The greater the restriction to flow through the choke 34, the
greater the backpressure applied to the annulus 20. Thus, bottom
hole pressure can be conveniently regulated by varying the
backpressure applied to the annulus 20. A hydraulics model can be
used, as described more fully below, to determine a pressure
applied to the annulus 20 at or near the surface which will result
in a desired bottom hole pressure, so that an operator (or an
automated control system) can readily determine how to regulate the
pressure applied to the annulus at or near the surface (which can
be conveniently measured) in order to obtain the desired bottom
hole pressure.
Pressure applied to the annulus 20 can be measured at or near the
surface via a variety of pressure sensors 36, 38, 40, each of which
is in communication with the annulus. Pressure sensor 36 senses
pressure below the RCD 22, but above a blowout preventer (BOP)

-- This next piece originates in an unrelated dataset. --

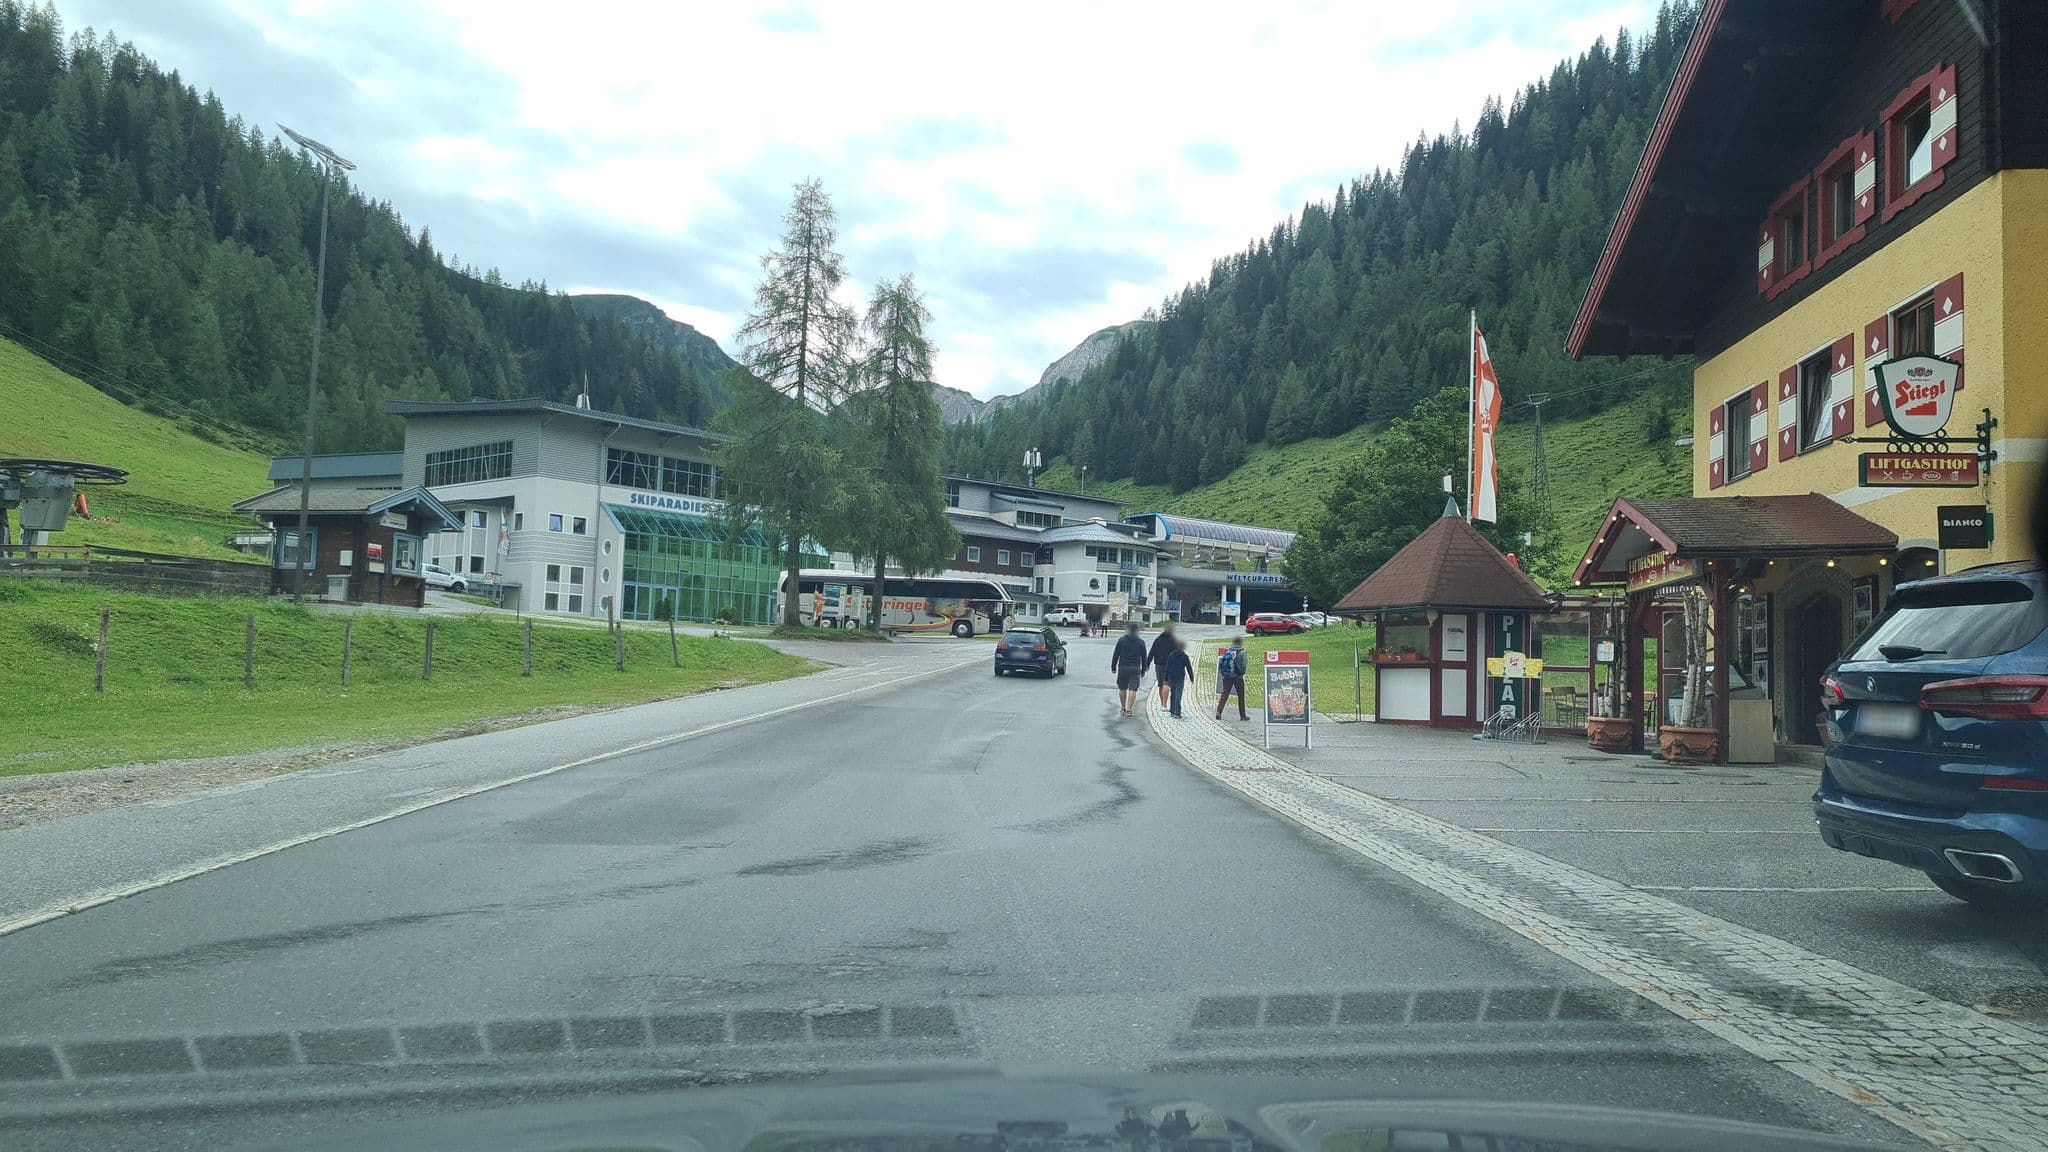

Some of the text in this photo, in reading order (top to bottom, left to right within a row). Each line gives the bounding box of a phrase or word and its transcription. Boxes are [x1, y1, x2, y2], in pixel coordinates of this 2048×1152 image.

stack 42. Pressure sensor 38 senses pressure in the wellhead below
the BOP stack 42. Pressure sensor 40 senses pressure in the fluid
return line 30 upstream of the choke manifold 32.
Another pressure sensor 44 senses pressure in the standpipe line
26. Yet another pressure sensor 46 senses pressure downstream of
the choke manifold 32, but upstream of a separator 48, shaker 50
and mud pit 52. Additional sensors include temperature sensors 54,
56, Coriolis flowmeter 58, and flowmeters 62, 66.
Not all of these sensors are necessary. For example, the system 10
could include only one of the flowmeters 62, 66. However, input
from the sensors is useful to the hydraulics model in determining
what the pressure applied to the annulus 20 should be during the
drilling operation.
In addition, the tubular string 16 may include its own sensors 60,
for example, to directly measure bottom hole pressure. Such sensors
60 may be of the type known to those skilled in the art as pressure
while drilling (PWD), measurement while drilling (MWD) and/or
logging while drilling (LWD) sensor systems. These tubular string
sensor systems generally provide at least pressure measurement, and
may also provide temperature measurement, detection of tubular
string characteristics (such as vibration, weight on bit,
stick-slip, etc.), formation characteristics (such as resistivity,
density, etc.) and/or other measurements. Various forms of
telemetry (acoustic, pressure pulse, electromagnetic, optical,
wired, etc.) may be used to transmit the downhole sensor
measurements to the surface.
Additional sensors could be included in the system 10, if desired.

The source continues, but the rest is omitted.